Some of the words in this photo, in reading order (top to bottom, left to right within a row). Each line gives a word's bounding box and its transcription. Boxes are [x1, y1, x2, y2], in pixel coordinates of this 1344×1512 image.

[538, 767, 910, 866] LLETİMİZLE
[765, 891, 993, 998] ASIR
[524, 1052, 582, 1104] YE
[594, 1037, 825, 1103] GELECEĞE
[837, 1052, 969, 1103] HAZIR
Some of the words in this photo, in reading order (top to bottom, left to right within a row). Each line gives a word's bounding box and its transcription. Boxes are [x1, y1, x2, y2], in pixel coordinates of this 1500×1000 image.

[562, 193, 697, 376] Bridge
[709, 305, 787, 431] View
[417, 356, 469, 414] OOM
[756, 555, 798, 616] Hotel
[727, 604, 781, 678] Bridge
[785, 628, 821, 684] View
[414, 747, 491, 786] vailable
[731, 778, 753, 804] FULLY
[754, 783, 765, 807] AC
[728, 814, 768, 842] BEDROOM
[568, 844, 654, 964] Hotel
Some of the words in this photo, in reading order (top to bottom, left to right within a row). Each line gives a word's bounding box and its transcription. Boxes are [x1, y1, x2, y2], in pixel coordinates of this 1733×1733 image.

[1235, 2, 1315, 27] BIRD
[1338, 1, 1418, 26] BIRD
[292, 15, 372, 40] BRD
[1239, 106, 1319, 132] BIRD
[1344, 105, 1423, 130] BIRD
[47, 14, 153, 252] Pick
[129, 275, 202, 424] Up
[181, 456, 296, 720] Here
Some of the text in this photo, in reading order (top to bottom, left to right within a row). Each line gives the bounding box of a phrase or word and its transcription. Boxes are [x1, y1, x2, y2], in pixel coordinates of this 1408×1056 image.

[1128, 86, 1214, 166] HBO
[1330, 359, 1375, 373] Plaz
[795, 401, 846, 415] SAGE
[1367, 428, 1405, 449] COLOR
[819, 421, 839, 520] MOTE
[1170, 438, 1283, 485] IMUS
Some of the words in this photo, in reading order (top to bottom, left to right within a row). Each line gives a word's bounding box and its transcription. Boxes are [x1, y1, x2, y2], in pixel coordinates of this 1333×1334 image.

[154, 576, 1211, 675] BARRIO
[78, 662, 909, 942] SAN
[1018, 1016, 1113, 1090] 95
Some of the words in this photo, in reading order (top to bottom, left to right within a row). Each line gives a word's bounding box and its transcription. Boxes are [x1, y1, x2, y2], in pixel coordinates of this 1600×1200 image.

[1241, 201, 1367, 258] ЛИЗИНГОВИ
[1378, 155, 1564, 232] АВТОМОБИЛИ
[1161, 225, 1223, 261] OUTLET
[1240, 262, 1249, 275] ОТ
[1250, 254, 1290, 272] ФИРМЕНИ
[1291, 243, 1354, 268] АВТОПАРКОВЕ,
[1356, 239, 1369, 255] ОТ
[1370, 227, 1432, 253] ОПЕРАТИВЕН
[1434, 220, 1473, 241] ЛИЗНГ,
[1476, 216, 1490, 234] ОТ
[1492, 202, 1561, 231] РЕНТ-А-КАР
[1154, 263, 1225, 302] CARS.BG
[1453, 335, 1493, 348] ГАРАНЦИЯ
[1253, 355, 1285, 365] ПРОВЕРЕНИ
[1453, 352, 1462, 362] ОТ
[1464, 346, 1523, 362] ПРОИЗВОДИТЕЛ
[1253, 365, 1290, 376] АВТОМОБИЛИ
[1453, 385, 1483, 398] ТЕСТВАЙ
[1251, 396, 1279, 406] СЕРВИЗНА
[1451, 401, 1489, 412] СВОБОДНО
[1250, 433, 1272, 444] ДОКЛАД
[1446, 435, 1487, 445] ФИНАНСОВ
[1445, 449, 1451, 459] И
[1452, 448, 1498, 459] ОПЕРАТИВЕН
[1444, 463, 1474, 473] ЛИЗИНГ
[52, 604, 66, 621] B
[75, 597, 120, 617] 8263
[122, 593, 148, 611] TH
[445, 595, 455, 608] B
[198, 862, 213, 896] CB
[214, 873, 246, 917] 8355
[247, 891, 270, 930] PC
* * *
DESCRIPTION OF THE TASK -> The entire set of entries, and nothing else, should be set down exactly.

RESULT ->
Some of the words in this photo, in reading order (top to bottom, left to right within a row). Each line gives a word's bounding box and its transcription. Boxes are [x1, y1, x2, y2], in pixel coordinates of this 1344×1512 image.

[538, 767, 910, 866] LLETİMİZLE
[765, 891, 993, 998] ASIR
[524, 1052, 582, 1104] YE
[594, 1037, 825, 1103] GELECEĞE
[837, 1052, 969, 1103] HAZIR
Some of the words in this photo, in reading order (top to bottom, left to right within a row). Each line gives a word's bounding box and its transcription. Boxes are [x1, y1, x2, y2], in pixel coordinates of this 1500×1000 image.

[562, 193, 697, 376] Bridge
[709, 305, 787, 431] View
[417, 356, 469, 414] OOM
[756, 555, 798, 616] Hotel
[727, 604, 781, 678] Bridge
[785, 628, 821, 684] View
[414, 747, 491, 786] vailable
[731, 778, 753, 804] FULLY
[754, 783, 765, 807] AC
[728, 814, 768, 842] BEDROOM
[568, 844, 654, 964] Hotel
Some of the words in this photo, in reading order (top to bottom, left to right within a row). Each line gives a word's bounding box and its transcription. Boxes are [x1, y1, x2, y2], in pixel coordinates of this 1733×1733 image.

[1235, 2, 1315, 27] BIRD
[1338, 1, 1418, 26] BIRD
[292, 15, 372, 40] BRD
[1239, 106, 1319, 132] BIRD
[1344, 105, 1423, 130] BIRD
[47, 14, 153, 252] Pick
[129, 275, 202, 424] Up
[181, 456, 296, 720] Here
Some of the text in this photo, in reading order (top to bottom, left to right within a row). Each line gives the bounding box of a phrase or word and its transcription. Boxes are [x1, y1, x2, y2], in pixel coordinates of this 1408×1056 image.

[1128, 86, 1214, 166] HBO
[1330, 359, 1375, 373] Plaz
[795, 401, 846, 415] SAGE
[1367, 428, 1405, 449] COLOR
[819, 421, 839, 520] MOTE
[1170, 438, 1283, 485] IMUS
Some of the words in this photo, in reading order (top to bottom, left to right within a row). Each line gives a word's bounding box and its transcription. Boxes are [x1, y1, x2, y2], in pixel coordinates of this 1333×1334 image.

[154, 576, 1211, 675] BARRIO
[78, 662, 909, 942] SAN
[1018, 1016, 1113, 1090] 95
Some of the words in this photo, in reading order (top to bottom, left to right within a row). Each line gives a word's bounding box and its transcription. Boxes are [x1, y1, x2, y2], in pixel coordinates of this 1600×1200 image.

[1241, 201, 1367, 258] ЛИЗИНГОВИ
[1378, 155, 1564, 232] АВТОМОБИЛИ
[1161, 225, 1223, 261] OUTLET
[1240, 262, 1249, 275] ОТ
[1250, 254, 1290, 272] ФИРМЕНИ
[1291, 243, 1354, 268] АВТОПАРКОВЕ,
[1356, 239, 1369, 255] ОТ
[1370, 227, 1432, 253] ОПЕРАТИВЕН
[1434, 220, 1473, 241] ЛИЗНГ,
[1476, 216, 1490, 234] ОТ
[1492, 202, 1561, 231] РЕНТ-А-КАР
[1154, 263, 1225, 302] CARS.BG
[1453, 335, 1493, 348] ГАРАНЦИЯ
[1253, 355, 1285, 365] ПРОВЕРЕНИ
[1453, 352, 1462, 362] ОТ
[1464, 346, 1523, 362] ПРОИЗВОДИТЕЛ
[1253, 365, 1290, 376] АВТОМОБИЛИ
[1453, 385, 1483, 398] ТЕСТВАЙ
[1251, 396, 1279, 406] СЕРВИЗНА
[1451, 401, 1489, 412] СВОБОДНО
[1250, 433, 1272, 444] ДОКЛАД
[1446, 435, 1487, 445] ФИНАНСОВ
[1445, 449, 1451, 459] И
[1452, 448, 1498, 459] ОПЕРАТИВЕН
[1444, 463, 1474, 473] ЛИЗИНГ
[52, 604, 66, 621] B
[75, 597, 120, 617] 8263
[122, 593, 148, 611] TH
[445, 595, 455, 608] B
[198, 862, 213, 896] CB
[214, 873, 246, 917] 8355
[247, 891, 270, 930] PC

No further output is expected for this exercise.